La piedra de toque de cualquier historia de la novela son las dos cesuras a las que (ya
sea para negarlas o para afirmarlas) debe enfrentarse: dos momentos en ‘lo que hay
ahora’ se resiste a una continuidad natural con ‘lo que hubo antes’. La primera cesura
coincide con la aparición del Quijote a principios del siglo XVII; la segunda, en torno a
los años treinta del siglo pasado, cuando la novela empieza a desembarazarse de la
estética de la representación verosímil y desplaza la story del centro de sus
preocupaciones. Pavel (que está intentando maquillar la primera cesura) tasa la
importancia del Quijote por su contribución al avance de la verosimilitud. De manera
que la modernidad novelesca que inaugura Cervantes no provocó un corte, sino que
quedó integrada como un elemento más del proceso de maduración que apunta hacia el
triunfo del realismo. Lejos de amedrentarse ante los encuentros inverosímiles en la
Posada, las palizas propias de la Warner en las que los dos protagonistas pierden varias
veces la dentadura y se les quebrantan numerosos huesos, los juegos textuales de la
primera parte y los cabreos hipertextuales de la segunda (que podrían haberle inducido a
reflexionar sobre sí el supuesto antiidealismo de Cervantes no es el síntoma de una
operación más profunda) Pavel los interpreta como deficiencias de un método que acaba
de salir de la incubadora y al que le quedan todavía unas décadas de ajuste y pulimento
antes de alcanzar la excelencia que el autor sitúa en la obra de Walter Scott.

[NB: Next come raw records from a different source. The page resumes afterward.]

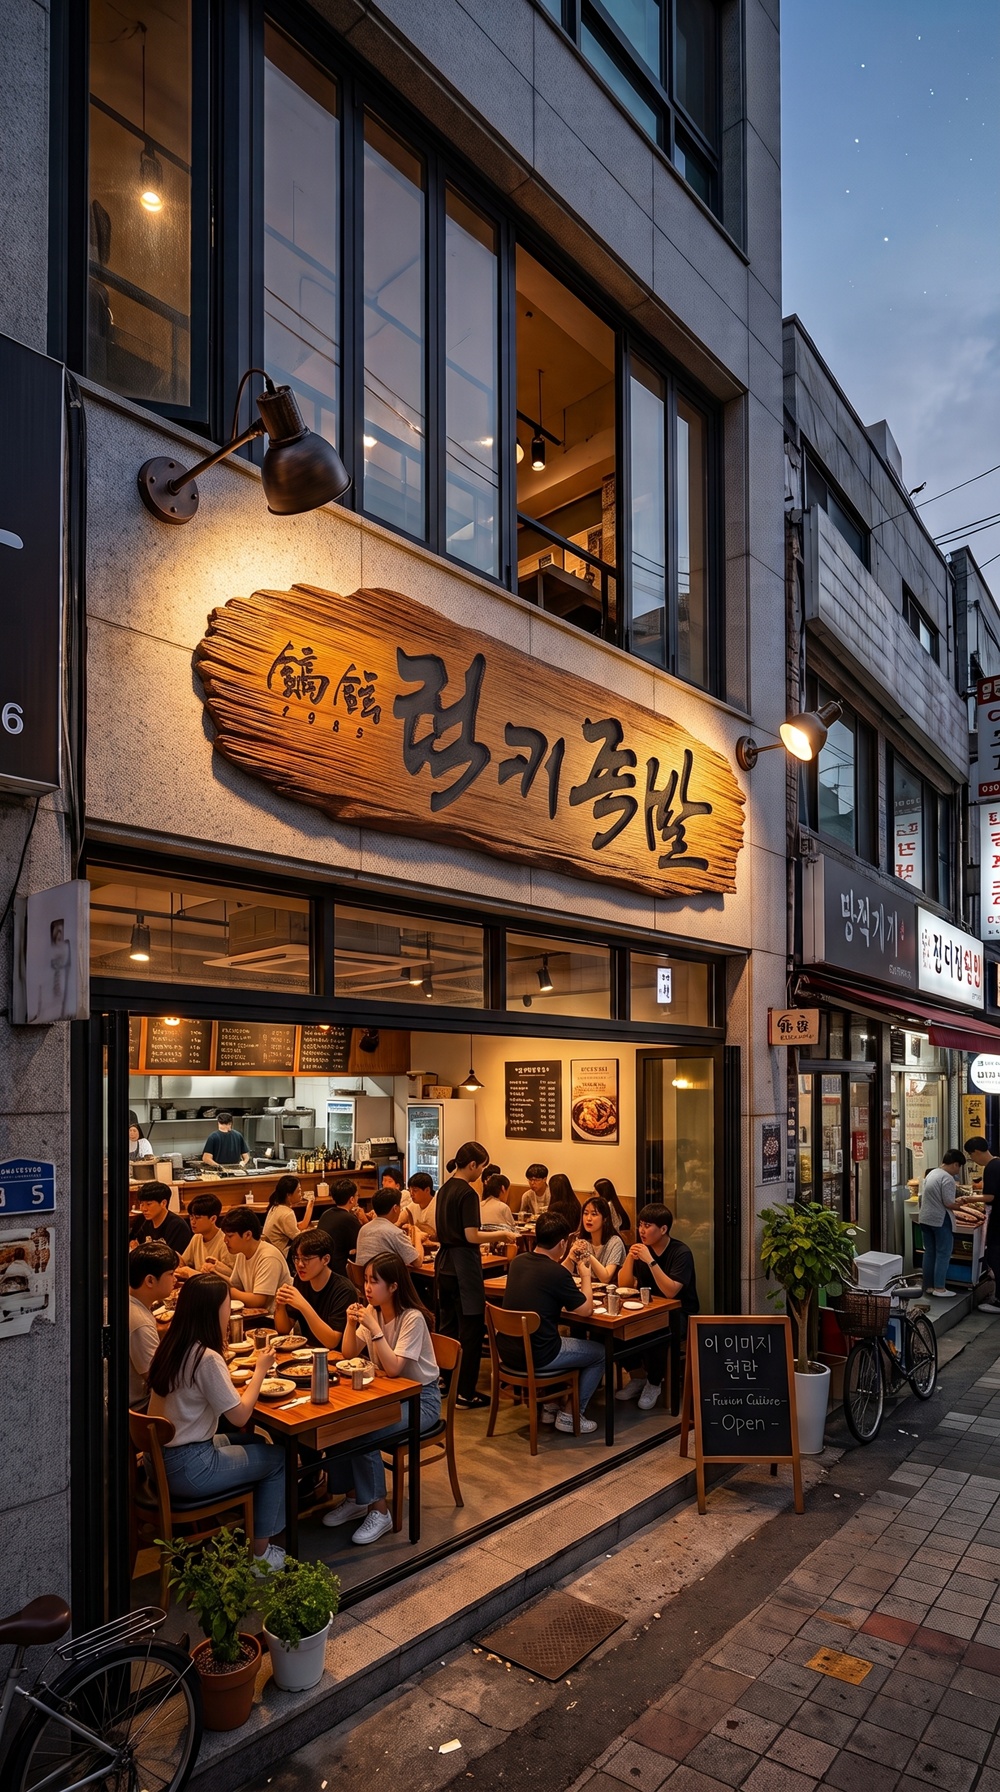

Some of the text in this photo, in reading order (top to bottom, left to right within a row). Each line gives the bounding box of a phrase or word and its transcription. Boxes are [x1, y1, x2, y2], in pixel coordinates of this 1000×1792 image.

[704, 1333, 772, 1354] 이 이미지
[722, 1414, 766, 1437] Open
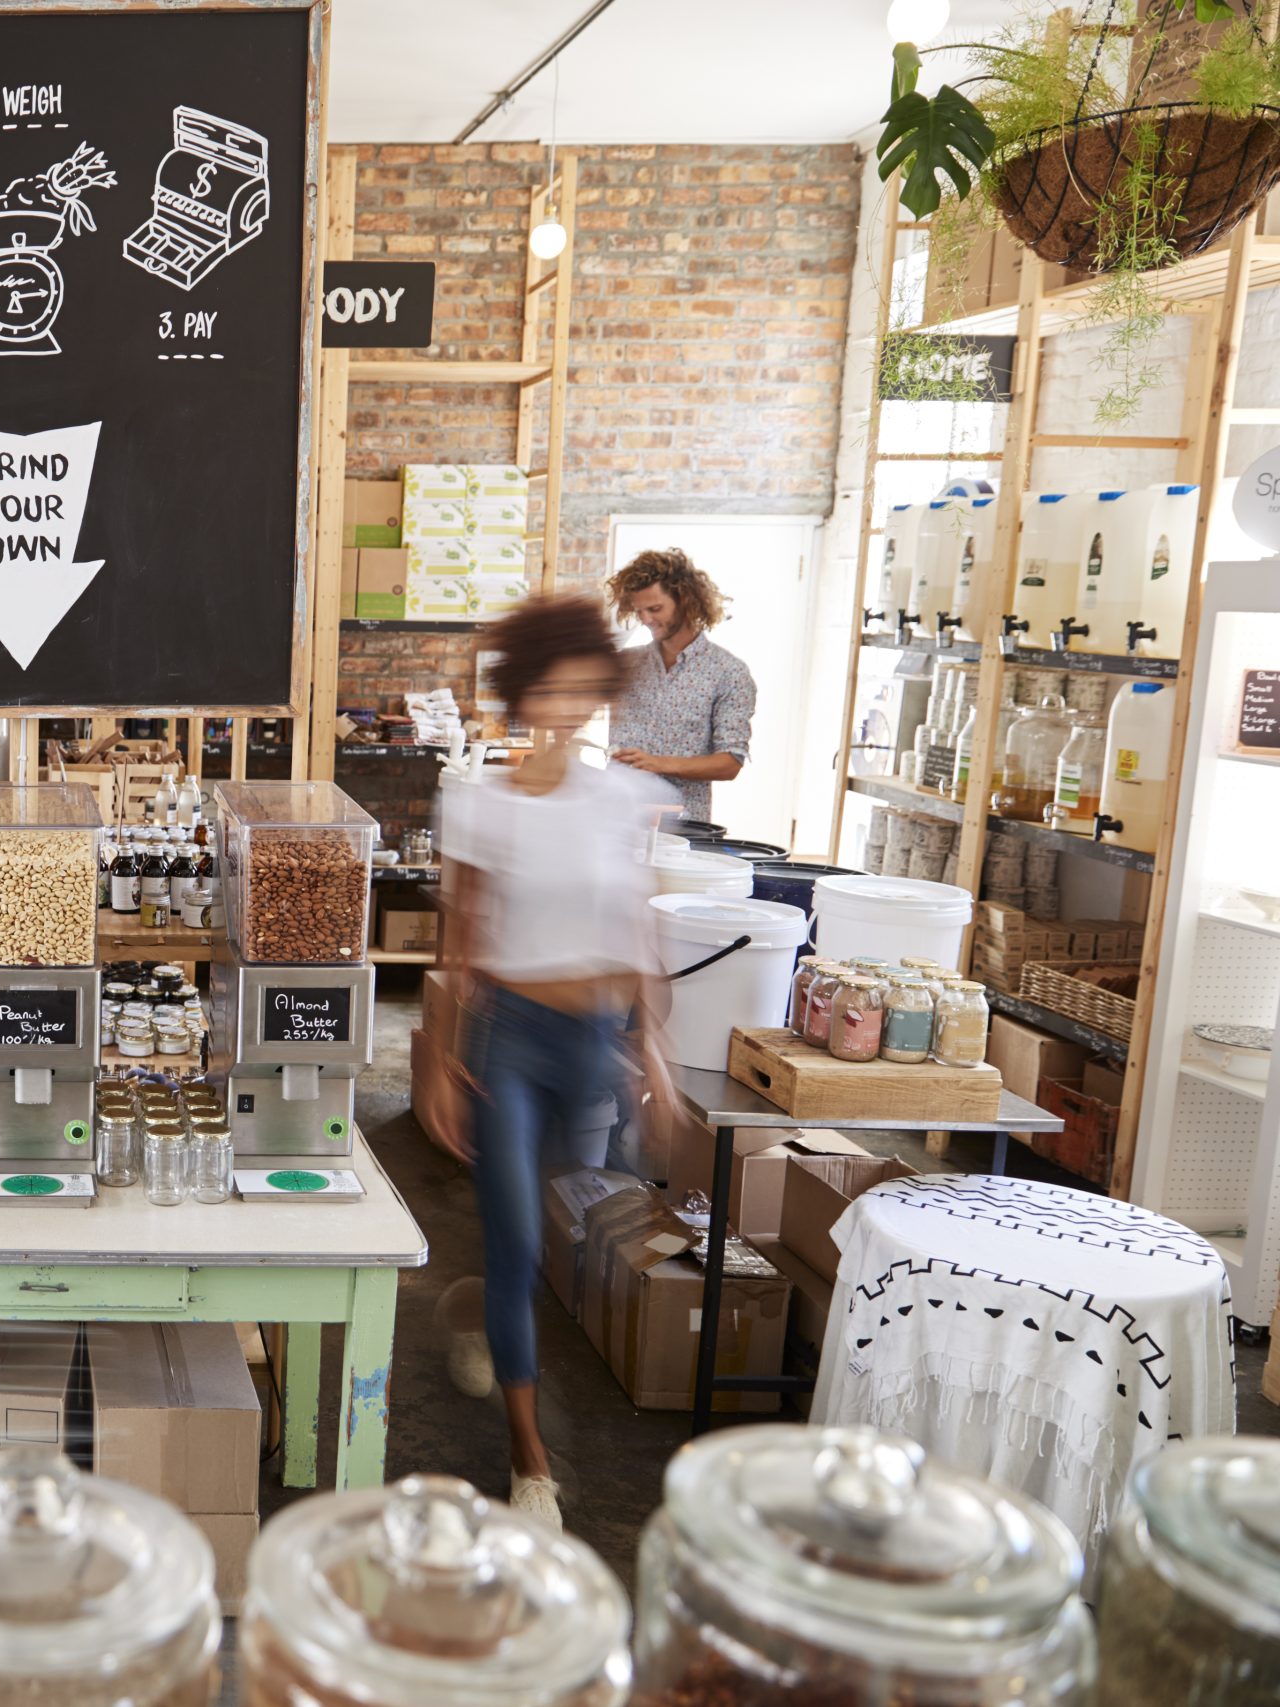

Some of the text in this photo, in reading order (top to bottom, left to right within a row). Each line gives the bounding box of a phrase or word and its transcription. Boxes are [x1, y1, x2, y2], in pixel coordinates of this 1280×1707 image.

[3, 84, 62, 117] WEIGH
[321, 286, 406, 324] ODY
[158, 310, 218, 340] 3. PAY
[275, 993, 330, 1011] Almond
[20, 1021, 66, 1033] Butter
[290, 1014, 339, 1028] Butter
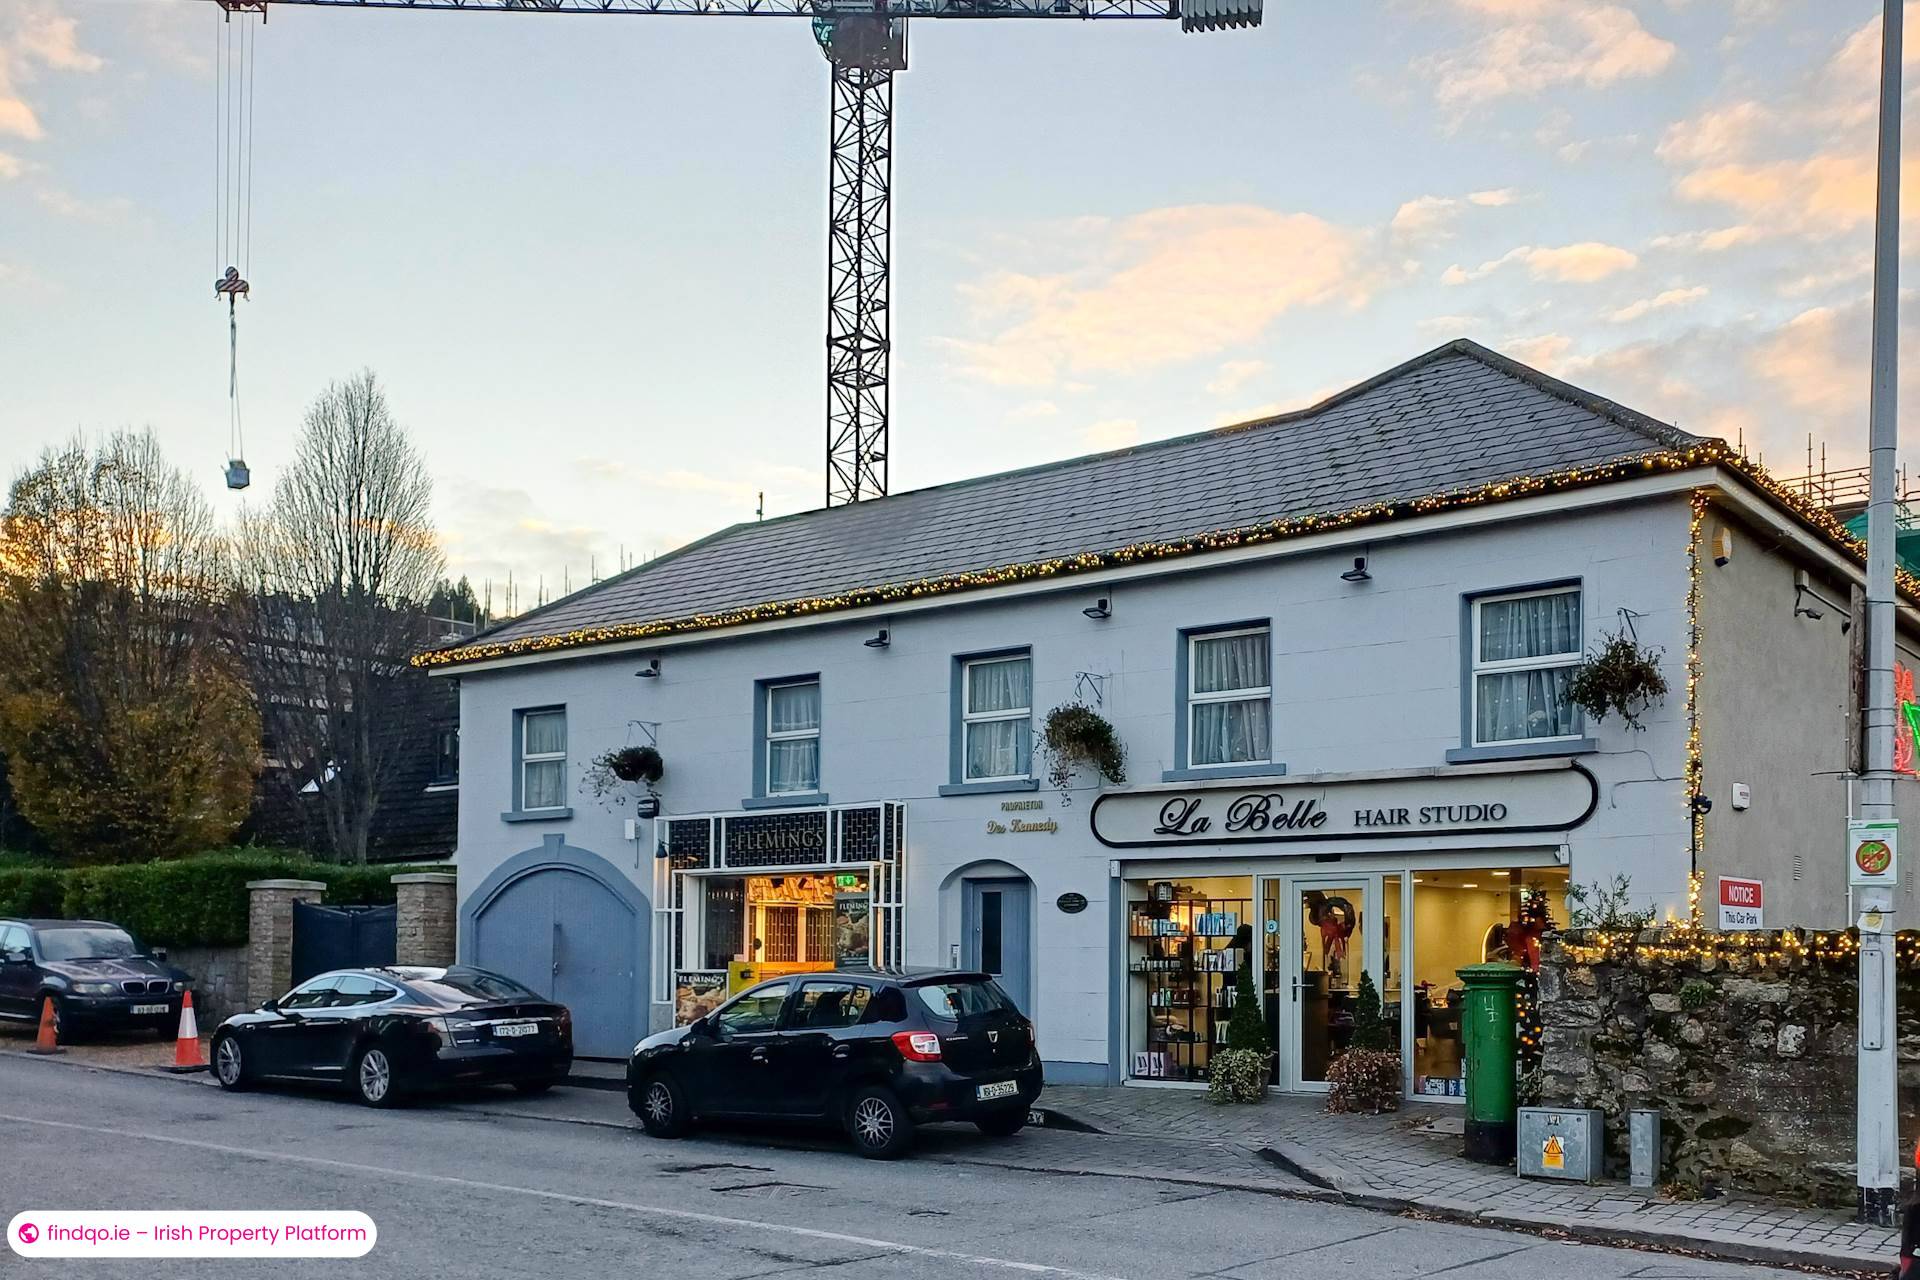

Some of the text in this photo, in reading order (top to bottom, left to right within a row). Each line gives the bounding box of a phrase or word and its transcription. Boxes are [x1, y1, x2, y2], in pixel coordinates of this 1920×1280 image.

[1154, 793, 1507, 836] La Belle HAIR STUDIO
[986, 817, 1058, 834] Des Kennedy
[737, 830, 824, 850] FLEMINGS
[1728, 885, 1754, 904] NOTICE
[1725, 911, 1758, 925] This Car Park
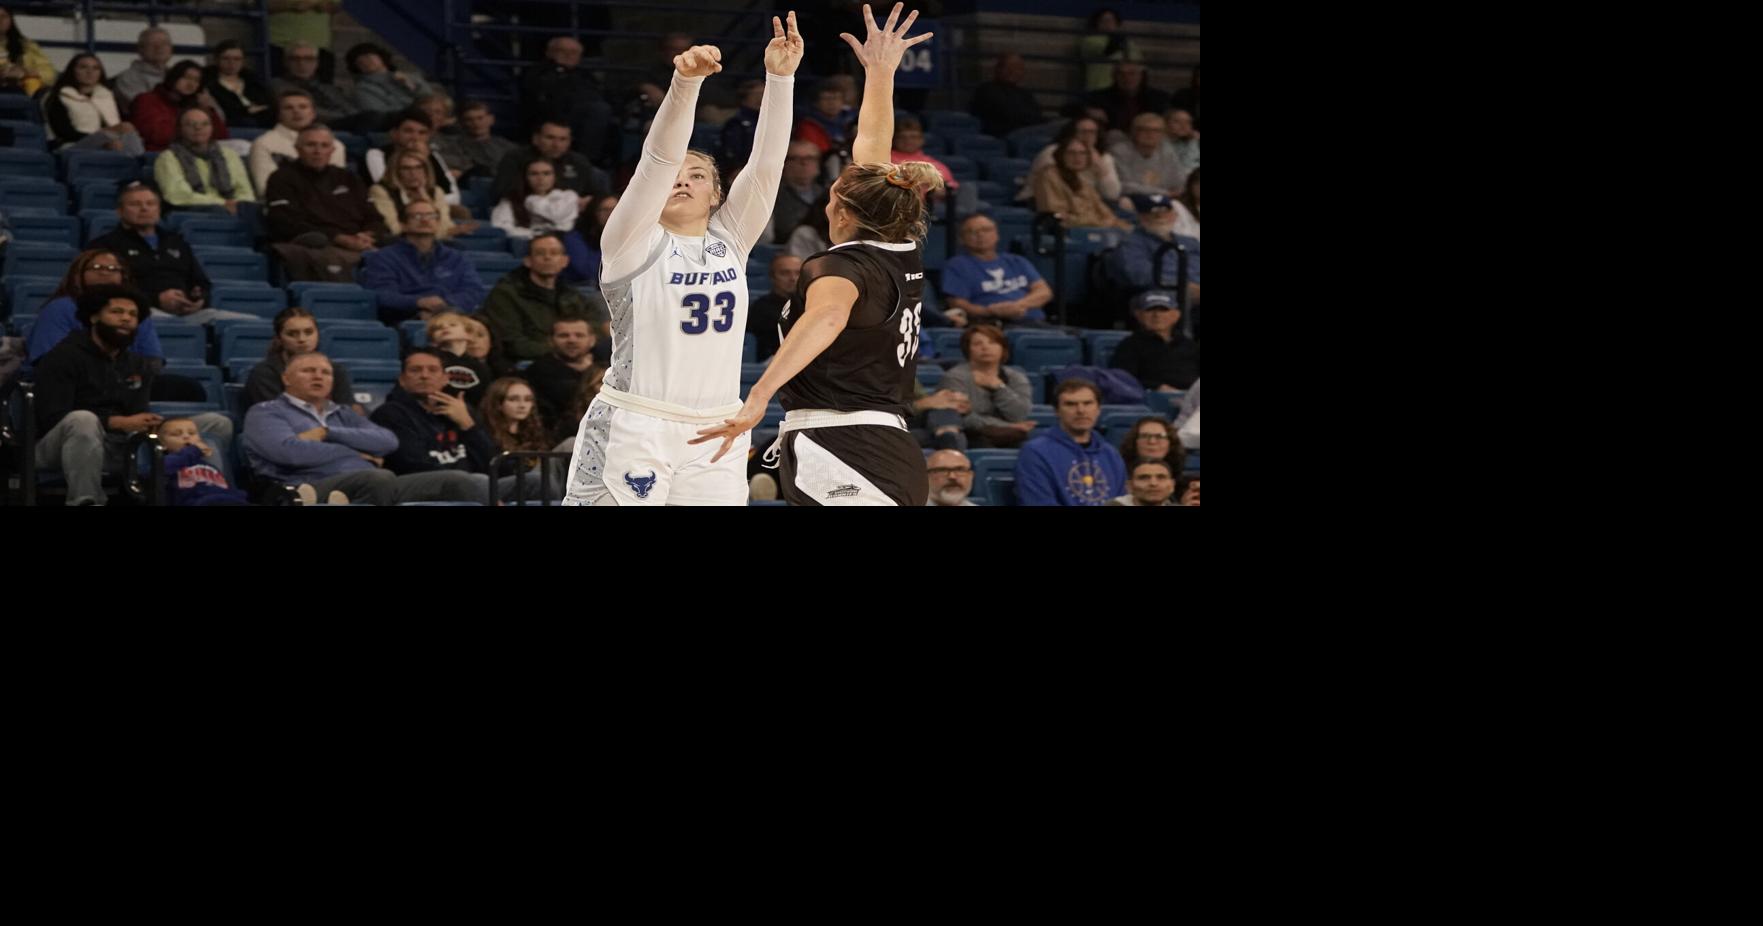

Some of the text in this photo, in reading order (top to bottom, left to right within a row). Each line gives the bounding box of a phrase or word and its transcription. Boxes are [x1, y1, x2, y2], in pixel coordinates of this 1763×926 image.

En el contexto de las tensiones entre el principio realista y el idealista, el Quijote se ve
reducido a su punto de partida argumental: una crítica matizada de las novelas
caballerescas. Se logra así la deseada continuidad entre las Etiópicas y Balzac, pero el
precio a pagar es considerable. En primer lugar, se renuncia a explorar las diversas vías
por las que los novelistas posteriores afirman haber sido influenciados por las
novedades del Quijote que queda relegado en el relato de Pavel a deuteragonista de Los
trabajos de Persiles y Segismunda elevado al rango de obra maestra por el logro
incalculable de haber actualizado el modelo idealista de Heliodoro. En segundo lugar, la
propia dinámica de la argumentación conduce a convertir al autor de Waverley en el
maestro supremo del arte de la novela, pues a él le debemos la primera síntesis entre un
héroe de perfil inverosímil y un decorado que representaba escrupulosamente las
exigencias de la descripción social e histórica verosímiles. Ante tales conclusiones no es
temerario afirmar que la obstinación del autor por ajustar las novelas singulares a la
teoría general bien podría estar nublándole el gusto.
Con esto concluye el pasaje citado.